Saturday, August 18, 2012
License Request - SODA
The modern-day rational of an S-hero keeping their secret identity and their civilin life separate from each other is so they won't endanger the lives of the people they're close to is so ingrained into the genre that it's hardly ever expanded or explored. In fact, it's easier to list the exception of S-heroes whose dual identities are inseparable from each other, since any information revealing such a secret would be fatal for anyone in the spy business. One European comic that puts an unique spin on this angle is an authority figure named Soda. Despite sounding like a soft drink, his nickname is derived from the first two letters of his file name, Solomon, David.
Soda is a New York cop who hides his true profession from his Aunt May-like mother by pretending to be a priest. Much like how Alex in Good-bye Lenin! devised an elaborate white lie to convince his mother that her country was still Communist, so too does Soda go to similar lengths to prevent his mother from ever finding out he's in a dangerous profession. Although Soda worries for his mother, he displays none of the geekish awkwardness that Peter Parker does, though he's more world-weary than anything.
Part of the fun comes from seeing how Soda does his police investigations while simultaneously trying to hide his true profession from his ailing mother. While his "secret" civilian identity is never quite the main focus, it's something of a running gag that EVERYBODY except Soda's mother knows that he's really a cop. It also doesn't hurt that there are times when his Priest alter identity comes in handy as a plainclothes officer.

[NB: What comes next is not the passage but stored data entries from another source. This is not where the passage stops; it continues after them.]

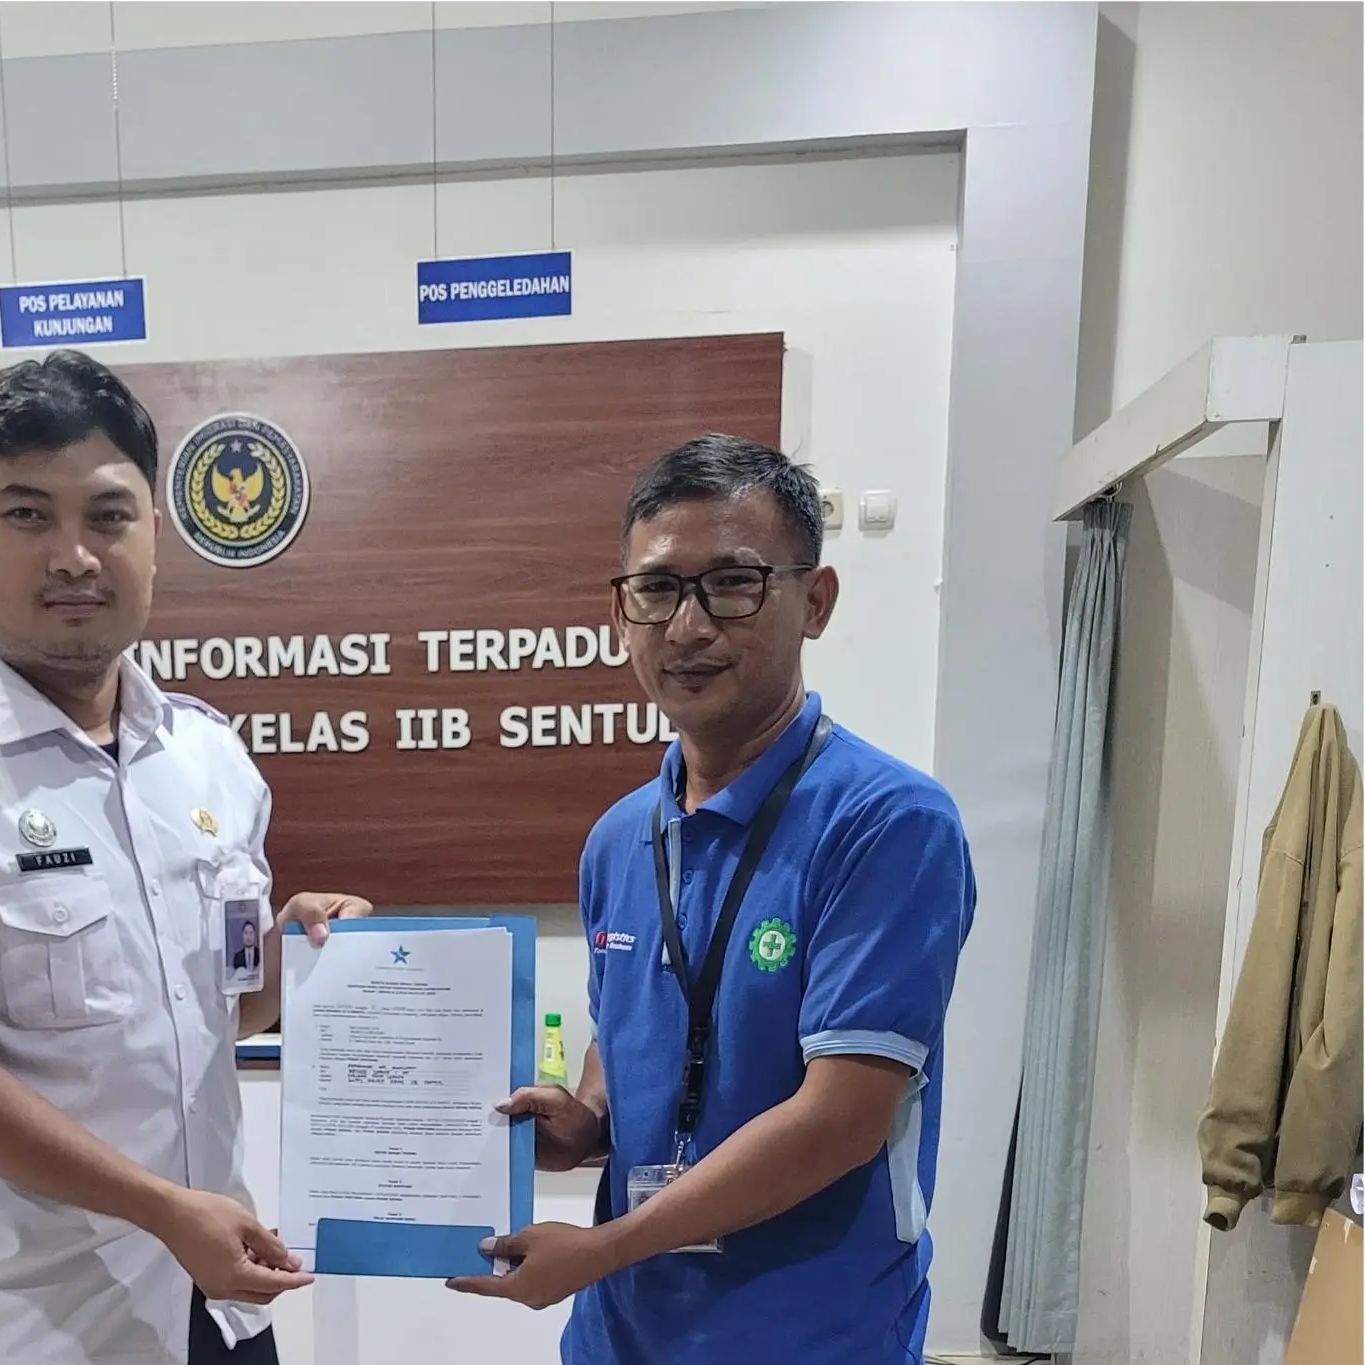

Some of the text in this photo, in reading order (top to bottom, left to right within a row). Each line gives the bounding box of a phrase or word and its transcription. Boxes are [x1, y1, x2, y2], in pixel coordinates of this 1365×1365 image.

[419, 275, 569, 302] POS PENGGELEDAHAN
[19, 290, 124, 313] POS PELAYANAN
[33, 316, 113, 337] KUNJUNGAN
[418, 625, 630, 673] TERPADU
[396, 708, 472, 750] IIB
[499, 702, 681, 748] SENTUL
[35, 853, 76, 866] FAUZI

The cartoony expressions help convey a sense of the grimy underbelly personality that make up 90's New York city in a way that feels more authentic than the most realisticly designed drawings in noir-stylized comics fail to accomplish. Another admirable trait is the amount of facial variation given to black people, which is in direct contrast compared to most negative perceptions of Nubians, commonly seen in Asterix and Tintin albums. (I wish I had more examples to show here, but you'll just have to see for yourself) Things only start getting interesting until the third book, which is not only when the quality of the stories improve, but also when the artists change from Luc Warnant to Bruno Gazzotti. It's not unusual for an artist to be switched for another cartoonist in the middle of a series. It's been done for Brothers in Blue, Thorgal, and Violine, among others; the most famous example being Spirou who's gone through multiple writers and artists. Though it's unusual for one to be switched out in the middle of an album.
One thing I especially like about this series is the impressive amount of information that's conveyed within the silent panels as well as the wordy talking heads scenes. The former is pretty much the selling point for me in a police story that normally relies on hardboiled dialogue to get its point across. There is the occasional narrative, but it's not the full focus of the storytelling, and is less of a writing crutch than just another writer's tool.
Oh yes, there's also the most ironic usage of David and Goliath's names since Disney's Gargoyles. The cat may not play a large part, but his silent commentary and rivalry with David's suitcase containing his police stuff is the stuff of heightened tension.
Observant readers may have noticed by now that Soda only has three fingers for his gloved left hand. Despite this handicap, this little setback is never fully commented on or explained, which is something I find rather refreshing. It plays up the mystery allure, and plays on the audience's imagination of what could've possibly happened. The closest we get to an actual backstory is a single sentence when Soda returns to his hometown on a trip. Naturally, any cop on vacation is guaranteed to get anything but rest and relaxation while away, since crime practically follows them on the job. It's a rule or something.
There are only 12 albums of the series total, but although it ends on a unresolved confessional leaving certain questions hanging, it doesn't feel unfulfilling at all. It's just as well, since the last two books were more serious than the early stuff, and had become more depressing of late. Better for it to leave readers wanting more than to devolve into mediocrocity and wonder what they ever liked about it in the first place.